Question

Creating a score for gene-ontology representation

0

Entering edit mode

4.5 years ago

n.anuragsharma ▴ 30

I have a group of genes (belonging to a certain development pathway, eg. known to increase trichome number) and their expression data from RNA seq. I have the log2 fold changes of each sample (3 mutants) relative to the control (wildtype) as computed by the edgeR package.

I have been tasked with creating a single score which indicates whether the trichome development genes as a group are:

1) differentially regulated between mutants (log2 fold > 1.5),
2) whether this score correlates with the observed phenotype and
3) does the score take into account the number of differentially regulated and statistically significant (FDR < 0.05) genes that contribute to the score.
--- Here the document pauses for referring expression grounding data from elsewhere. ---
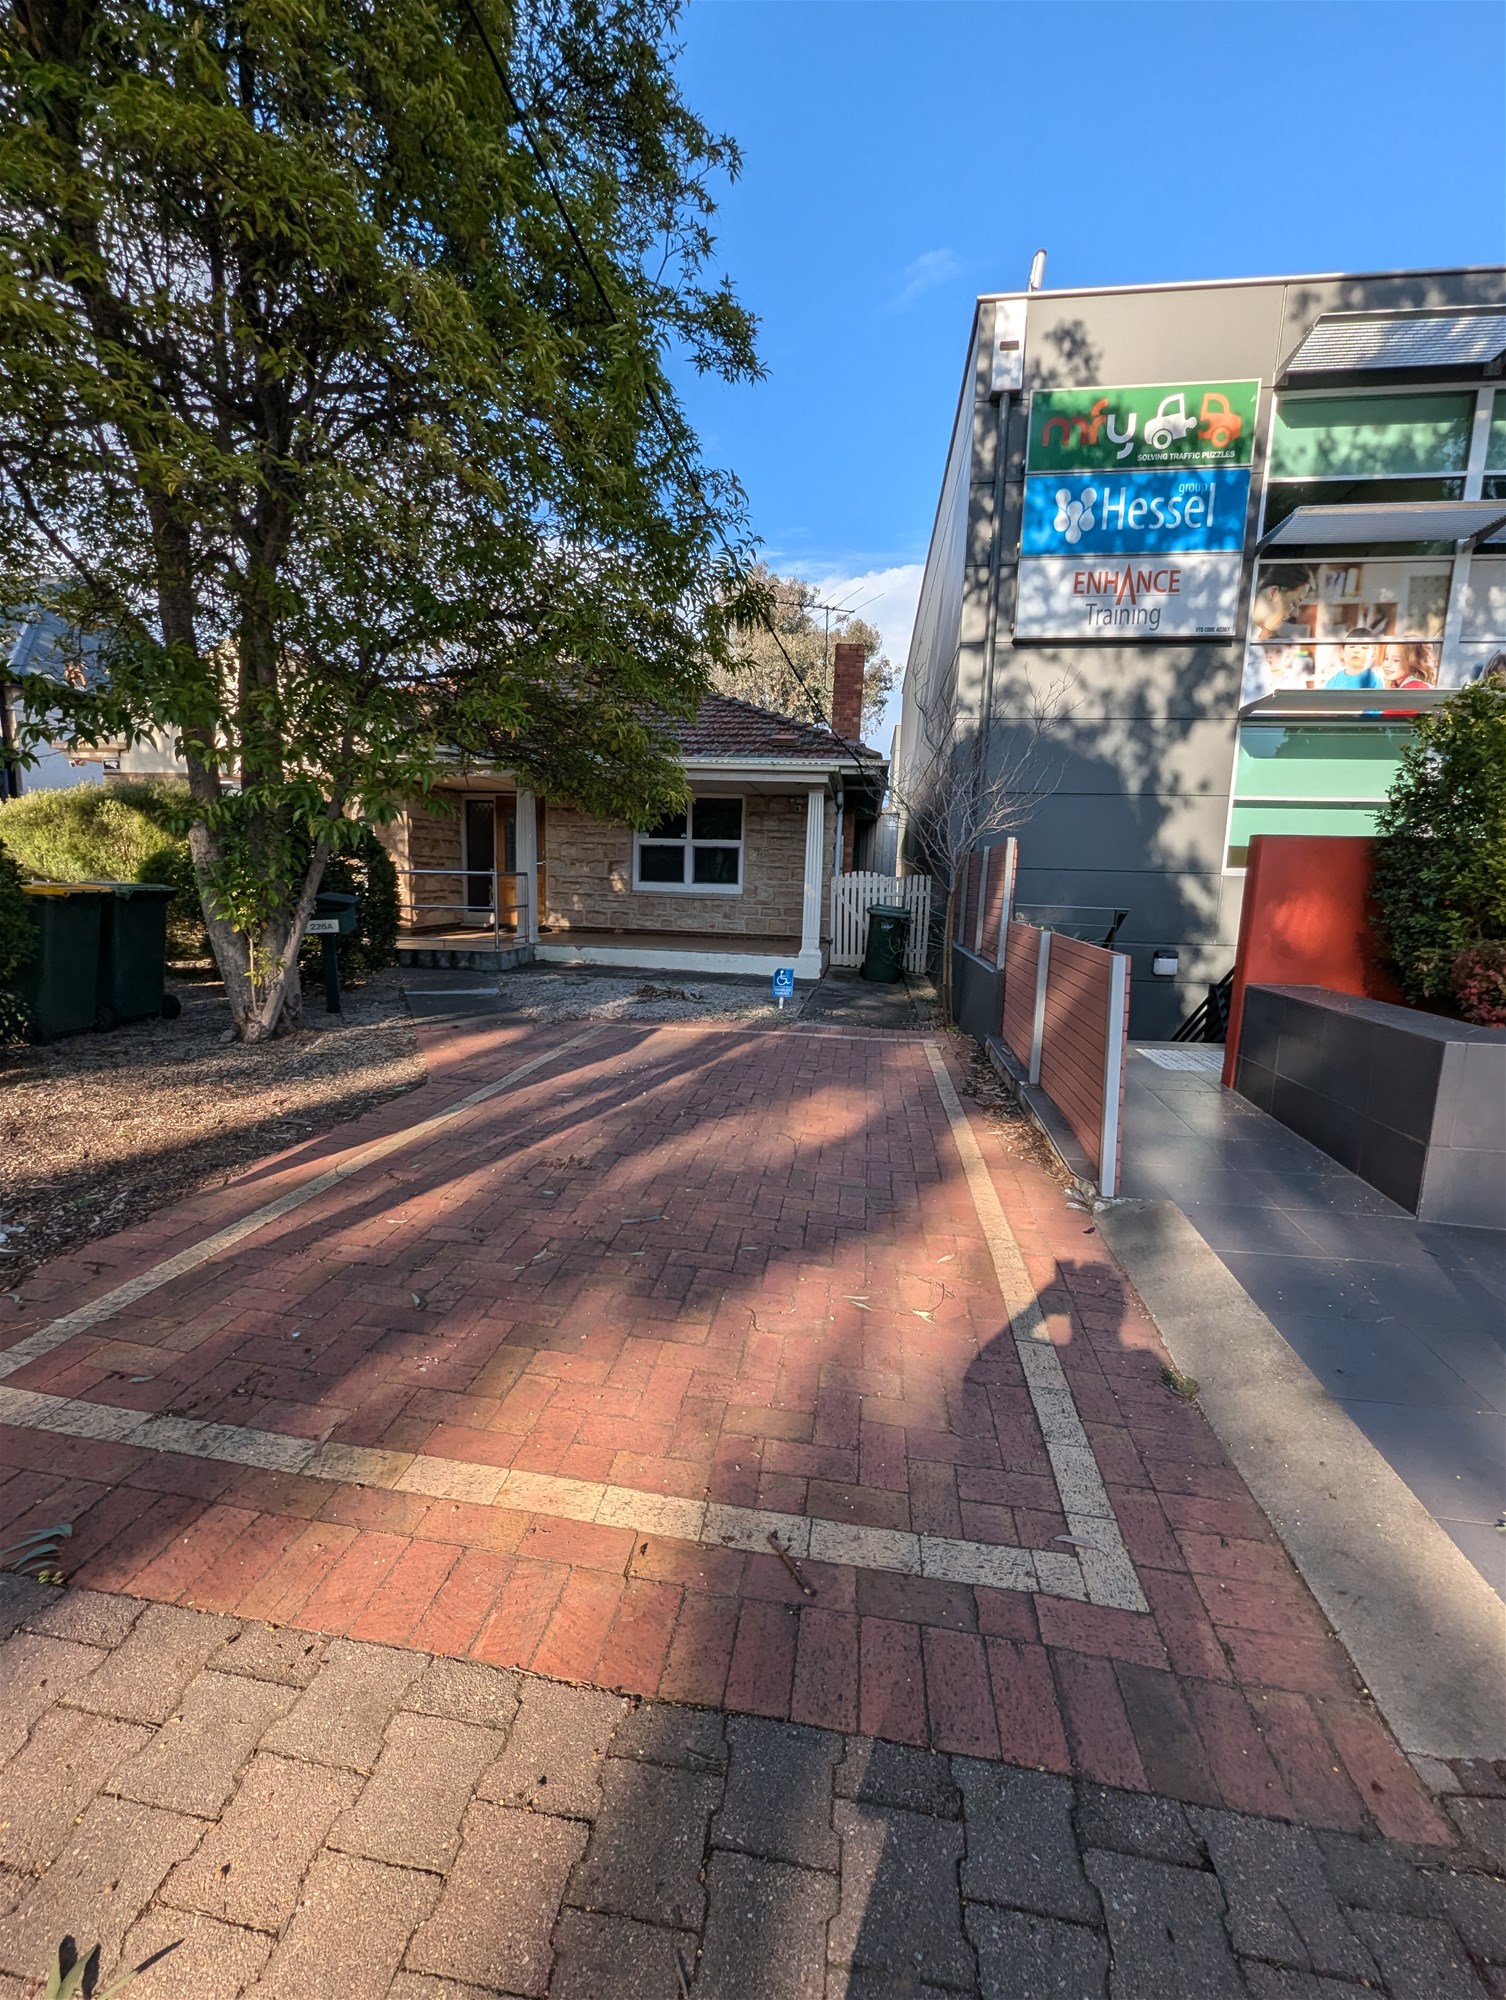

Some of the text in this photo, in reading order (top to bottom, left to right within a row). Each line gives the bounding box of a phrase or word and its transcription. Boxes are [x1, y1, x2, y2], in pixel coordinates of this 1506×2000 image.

[1041, 398, 1137, 460] mfy
[1137, 450, 1236, 462] SOLVING TRAFFIC PUZZLES
[1101, 482, 1216, 531] Hessel
[1178, 483, 1208, 496] group
[1073, 563, 1181, 606] ENHANCE
[1085, 603, 1161, 631] Training
I have the following number of genes that fit the first two criteria in 3 mutants: 20 genes, 130 genes and 145 genes. I have calculated a score using these as follows:

I scaled the gene expression data (comprised of values ranging from -6.0 to +4.0 to) to lie between 0-1 and then computed their geometric means and this gives me scores of 0.0004, 0.0021 and 0.02 and these three correlate very well with the observed phenotype (barely any trichomes, a few and a lot of trichomes for mutant 1,2 & 3).

I have three problems, however:

a) is there a better way to scale the numbers such that they don't lead to a small score (0.0004/0.0021)?
b) I'm at a loss as to how to account for the vastly different number of genes contributing to the above scores (i.e. 20, 130 and 145).
c) Is there a way to assess how good this score is in some statistical manner?
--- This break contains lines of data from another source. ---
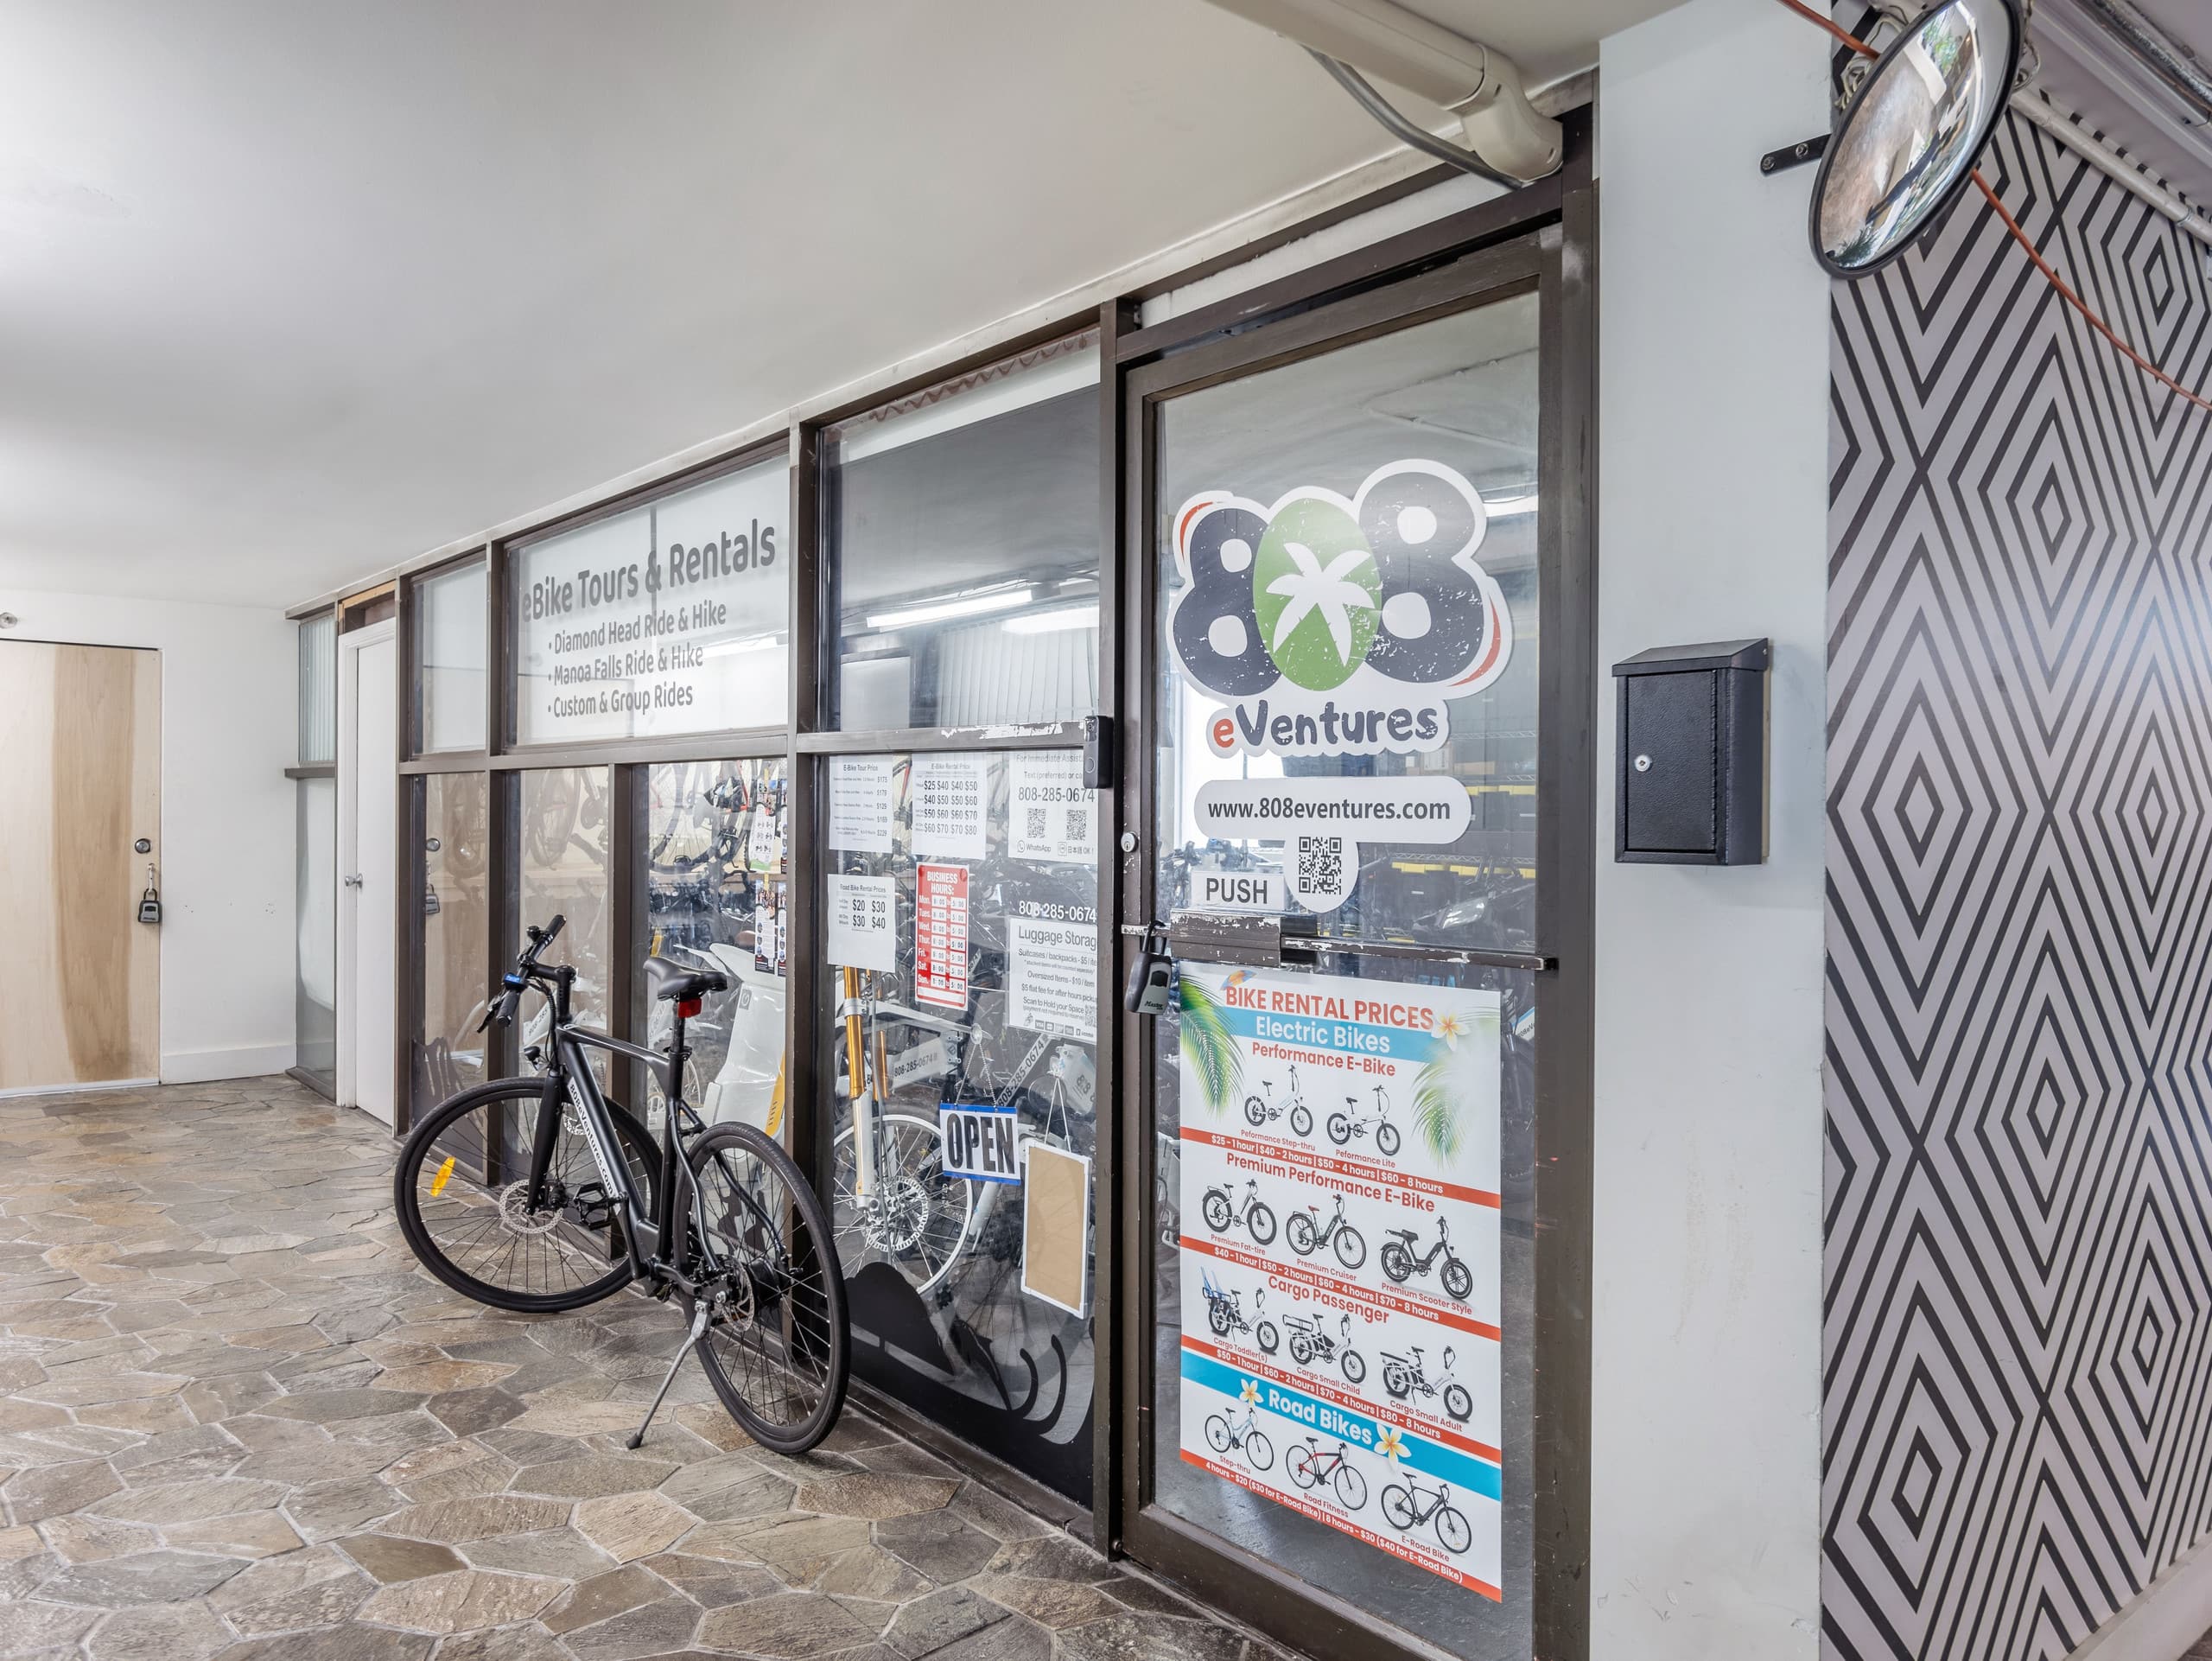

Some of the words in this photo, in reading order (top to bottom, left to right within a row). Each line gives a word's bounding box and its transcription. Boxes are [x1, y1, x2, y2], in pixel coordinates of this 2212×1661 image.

[522, 576, 573, 622] eBike
[578, 563, 639, 608] Tours
[645, 550, 661, 593] &
[669, 519, 775, 588] Rentals
[555, 622, 605, 654] Diamond
[608, 615, 640, 645] Head
[645, 609, 674, 636] Ride
[678, 607, 689, 632] &
[692, 600, 726, 629] Hike
[555, 664, 591, 685] Manoa
[595, 655, 622, 681] Falls
[626, 649, 654, 675] Ride
[658, 648, 667, 671] &
[671, 641, 703, 669] Hike
[553, 694, 595, 717] Custom
[600, 693, 607, 713] &
[612, 690, 649, 716] Group
[655, 681, 693, 710] Rides
[1212, 699, 1439, 748] eVentures
[924, 780, 936, 790] $25
[937, 780, 949, 790] $40
[951, 781, 963, 791] $40
[965, 781, 977, 791] $50
[1019, 787, 1095, 802] 808-285-0674
[924, 795, 936, 805] $40
[937, 795, 949, 805] $50
[951, 795, 963, 805] $50
[965, 796, 977, 805] $60
[1208, 797, 1451, 821] www.808eventures.com
[924, 809, 936, 818] $50
[937, 809, 949, 818] $60
[951, 810, 963, 819] $60
[965, 810, 977, 820] $70
[926, 871, 957, 884] BUSINESS
[931, 882, 954, 895] HOURS:
[1206, 877, 1268, 904] PUSH
[853, 899, 865, 911] $20
[872, 901, 885, 913] $30
[1020, 901, 1096, 922] 808-285-0674
[853, 914, 865, 926] $30
[872, 916, 885, 929] $40
[1019, 926, 1063, 945] Luggage
[1065, 931, 1096, 951] Storag
[1226, 986, 1267, 1010] BIKE
[1272, 991, 1349, 1020] RENTAL
[1355, 1001, 1433, 1030] PRICES
[1256, 1015, 1328, 1045] Electric
[1334, 1026, 1390, 1053] Bikes
[1253, 1042, 1344, 1068] Performance
[1347, 1056, 1395, 1076] E-Bike
[947, 1113, 1015, 1174] OPEN
[1241, 1130, 1279, 1143] Peformance
[1282, 1138, 1315, 1151] Step-thru
[1211, 1135, 1225, 1145] $25
[1236, 1141, 1255, 1152] hour
[1260, 1146, 1274, 1155] $40
[1288, 1151, 1313, 1163] hours
[1318, 1158, 1334, 1168] $50
[1343, 1163, 1348, 1172] 4
[1350, 1164, 1375, 1178] hours
[1382, 1172, 1399, 1183] $60
[1408, 1177, 1414, 1187] 8
[1415, 1178, 1443, 1193] hours
[1335, 1149, 1381, 1165] Peformance
[1382, 1159, 1395, 1168] Lite
[1227, 1153, 1285, 1178] Premium
[1289, 1167, 1382, 1200] Performance
[1385, 1188, 1434, 1212] E-Bike
[1211, 1234, 1240, 1248] Premium
[1241, 1241, 1266, 1255] Fat-tire
[1297, 1258, 1329, 1273] Premium
[1331, 1268, 1357, 1281] Cruiser
[1215, 1247, 1229, 1257] $40
[1240, 1253, 1257, 1266] hour
[1262, 1261, 1276, 1271] $50
[1284, 1267, 1289, 1276] 2
[1290, 1269, 1313, 1282] hours
[1319, 1277, 1334, 1289] $60
[1342, 1284, 1348, 1294] 4
[1350, 1285, 1374, 1301] hours
[1381, 1295, 1395, 1308] $70
[1404, 1302, 1410, 1312] 8
[1412, 1303, 1439, 1321] hours
[1268, 1276, 1310, 1301] Cargo
[1313, 1288, 1389, 1323] Passenger
[1382, 1282, 1417, 1299] Premium
[1418, 1293, 1449, 1308] Scooter
[1451, 1302, 1472, 1315] Style
[1214, 1337, 1233, 1349] Cargo
[1234, 1344, 1268, 1363] Toddler(s)
[1217, 1349, 1230, 1360] $50
[1242, 1358, 1259, 1371] hour
[1264, 1367, 1279, 1378] $60
[1286, 1374, 1291, 1383] 2
[1292, 1376, 1314, 1391] hours
[1320, 1387, 1335, 1398] $70
[1343, 1396, 1349, 1404] 4
[1351, 1397, 1375, 1414] hours
[1381, 1410, 1397, 1422] $80
[1406, 1418, 1412, 1428] 8
[1414, 1421, 1440, 1439] hours
[1297, 1366, 1318, 1380] Cargo
[1319, 1375, 1339, 1387] Small
[1341, 1383, 1360, 1395] Child
[1269, 1389, 1315, 1423] Road
[1320, 1408, 1372, 1444] Bikes
[1390, 1400, 1414, 1415] Cargo
[1415, 1410, 1438, 1423] Small
[1440, 1418, 1463, 1432] Adult
[1220, 1456, 1250, 1473] Step-thru
[1304, 1493, 1321, 1505] Road
[1324, 1501, 1348, 1518] Fitness
[1211, 1463, 1230, 1477] hours
[1236, 1474, 1248, 1486] $20
[1249, 1480, 1264, 1492] ($30
[1265, 1488, 1274, 1498] for
[1276, 1492, 1301, 1510] E-Road
[1303, 1504, 1320, 1519] Bike)
[1325, 1513, 1330, 1522] 8
[1332, 1518, 1353, 1532] hours
[1361, 1530, 1375, 1542] $30
[1376, 1536, 1395, 1551] ($40
[1396, 1547, 1408, 1556] for
[1409, 1551, 1440, 1571] E-Road
[1441, 1565, 1463, 1583] Bike)
[1402, 1536, 1430, 1553] E-Road
[1433, 1548, 1449, 1562] Bike
RNA-Seq R Scaling Normalisation • 710 views

ADD COMMENT • link updated 4.5 years ago by Jean-Karim Heriche 27k • written 4.5 years ago by n.anuragsharma ▴ 30

score 1 · Answer 1 · 2019-11-14

a - Why do you take the geometric mean of the rescaled logs? You can just take the arithmetic mean. Whichever score you get, you can always rescale it to suit your needs.
b - If you want your score to reflect the number of samples, you can start by just taking the sum of the individual scores, not the mean. You could also generate different scores that address each issue separately and then combine (e.g. average) them.
c - You can use resampling methods, i.e. bootstrapping to compute confidence intervals or permutation tests for significance testing.